June 25, 2009
Dear Mr. Horn:
Thank you for writing to me regarding your opposition to climate change legislation. I respectfully disagree with your position and view climate change as the most important environmental challenge of our time.Climate change is a very serious problem - not just for our environment, but for our economy and our national security, as well - and the way we produce and consume energy is making the problem worse. We need to pass legislation to reduce our greenhouse gas emissions and transition to a clean energy economy. To do that, we will have to build a broad coalition.
To succeed, a bill will need diverse support, which means bringing everyone to the table and really listening to what they have to say. We have to sit down with the environmental community, the business community, and the scientific community. We have to talk to Members of Congress on both sides of the aisle about how best to address this crucial issue.
This could be a watershed moment. We have near scientific unanimity that humans are causing climate change, we have a Congress poised to take action, and we have a President pushing for progress. In his inaugural address, President Obama told us "each day brings further evidence that the ways we use energy strengthen our adversaries and threaten our planet." He is absolutely right, and I look forward to working with the President to: (1) promote energy innovation so that we can produce and consume energy more cleanly and efficiently; (2) protect energy consumers from rising power prices; (3) prepare our communities to respond to the impacts of climate change; and (4) create jobs as we transition toward a clean energy economy. I also support including provisions in climate change legislation that would ensure a cap-and-trade system does not increase the deficit.Climate legislation should improve our environment and grow our economy at the same time. In these tough financial times, some have asked whether it makes sense to focus on the environment. The fact is, ignoring climate change until our economic situation improves will ultimately be far more expensive - and destructive - than taking steps to address it now.
UNITED STATES SENATOR
JIL:vdh
As a meteorologist and one who has studied this issue at great length I must respectfully disagree with nearly all of your points. I do agree that to succeed we must listen to all, the environmental and the business communities but especially the scientific. The science shows that there has been no warming for ten years. All data show this. We are in the eighth year of cooling, however carbon dioxide levels continue to rise. There has been no correlation between the two for ten years nor was there any correlation with temperature from the mid 1940's to the late 1970's when the global temperature data show decades of cooling.

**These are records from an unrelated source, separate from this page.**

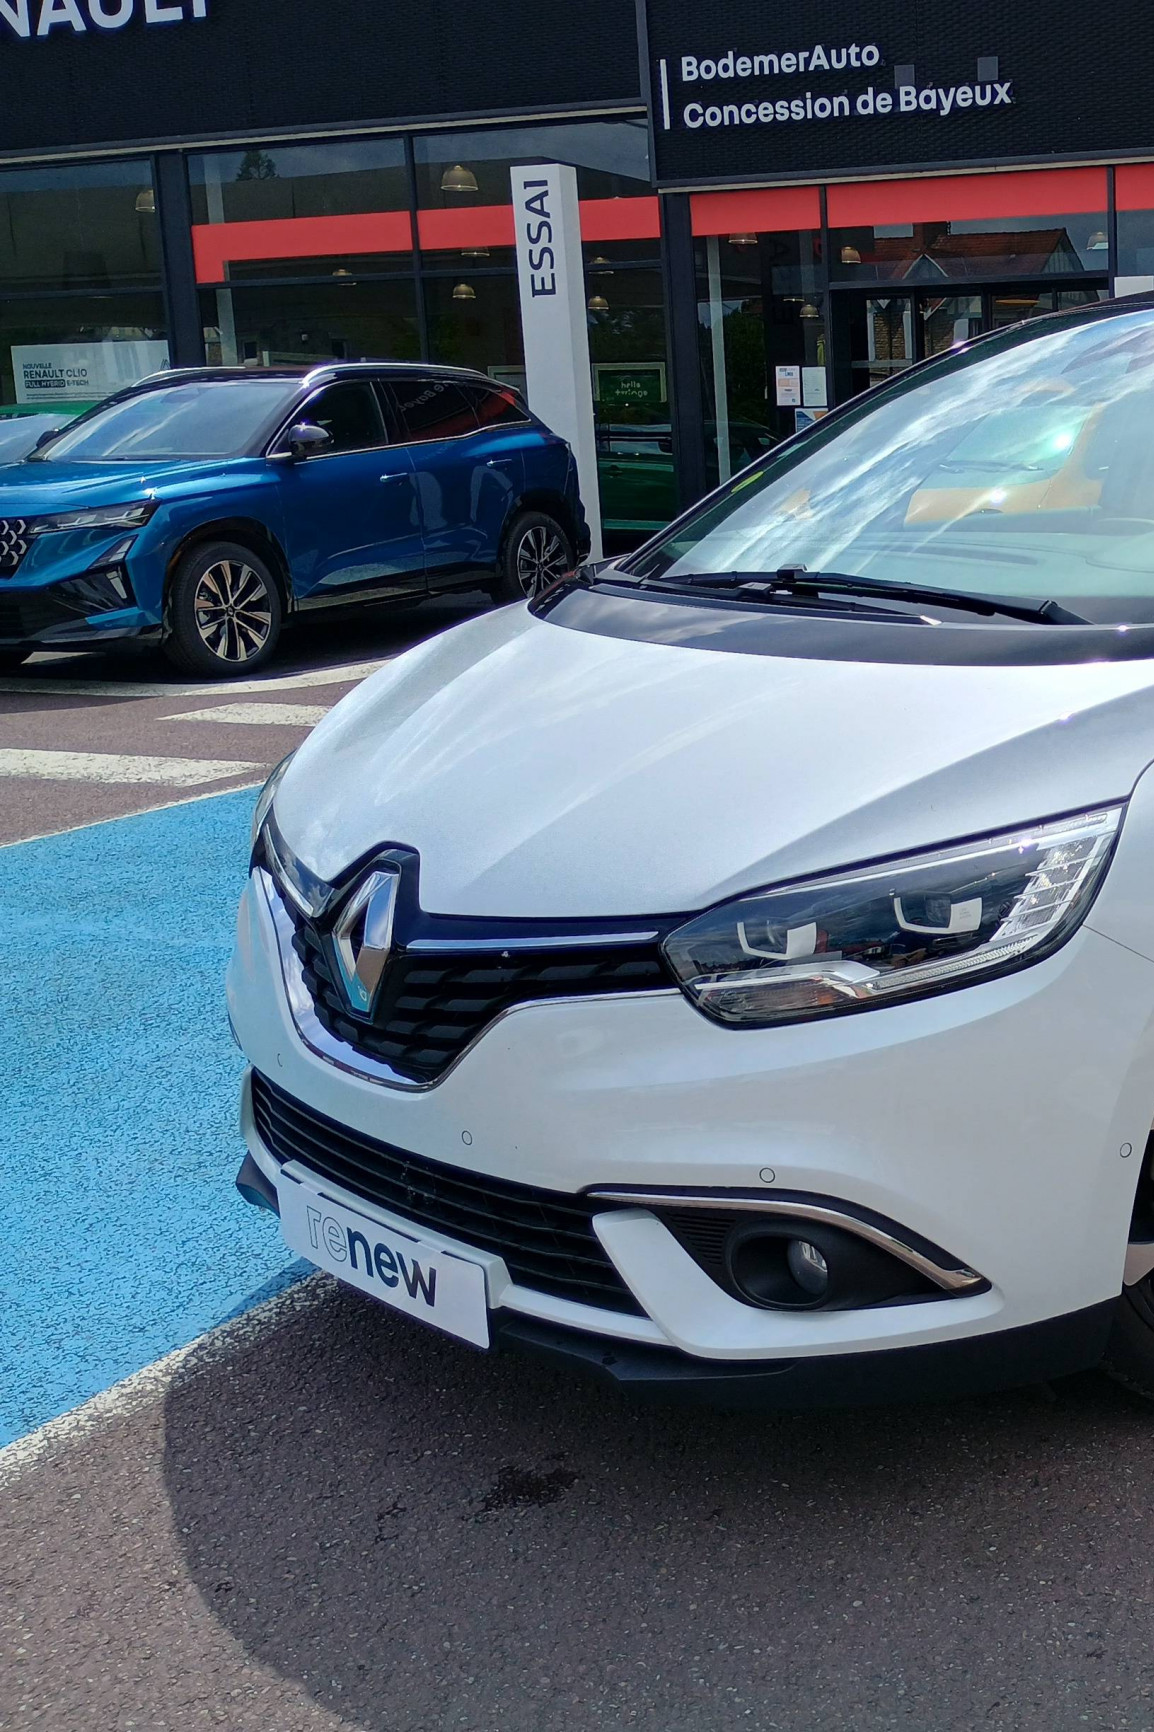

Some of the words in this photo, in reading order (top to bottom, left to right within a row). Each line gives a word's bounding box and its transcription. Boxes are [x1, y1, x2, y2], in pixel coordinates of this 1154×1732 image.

[681, 43, 880, 81] BodemerAuto
[683, 92, 850, 128] Concession
[856, 87, 893, 115] de
[899, 82, 1012, 116] Bayeux
[523, 180, 556, 297] ESSAI
[23, 369, 65, 379] RENAULT
[65, 368, 88, 378] CLIO
[25, 380, 41, 388] FULL
[67, 379, 89, 387] E-TECH
[306, 1205, 437, 1307] renew

I agree this could be a watershed moment but in the wrong direction for the
Mr. Obama was correct when he said "each day brings further evidence that the ways we use energy strengthen our adversaries". But he was wrong when he said "and threaten our planet".
All of your statements about future impacts on our world from human caused temperature rise are forecasts. I have made many thousands of forecasts in my life and I've learned that only by failing do you learn to walk the narrow and error filled road of prediction. Climate modelers are not forecasters. They have no real world experience in makeing predictions. They have never known what it is like to fail because their predictions won't verify for 50 to 100 years. If there is no fear of failure there is not limit to what you will forecast. Computer models have many flaws that even the modelers will admit but they also create and maintain careers and funding. A climate model can be tweaked to give you the result you want or need.
I like this quote "If the facts change I will change my opinon, what do you do sir?"
Sincerely,
Art Horn
Unfortunatly the senator never saw this email. For some reason when I tried to respond back to the email I recieved from Joe it was unable to get through and bounced back to me. I tried four times to resend my response but with no luck. It would appear that at least some of those in Washington are not interested in what the people have to say. I did send my letter to senator Lieberman through his website but I have had no indication if it actually got through or if he saw it, I doubt I will. We can only hope that the senate will have the wisdom to vote no on this bill that is nothing but a tax increase and will have negative effects on the nation and the world since we are it's largest economy.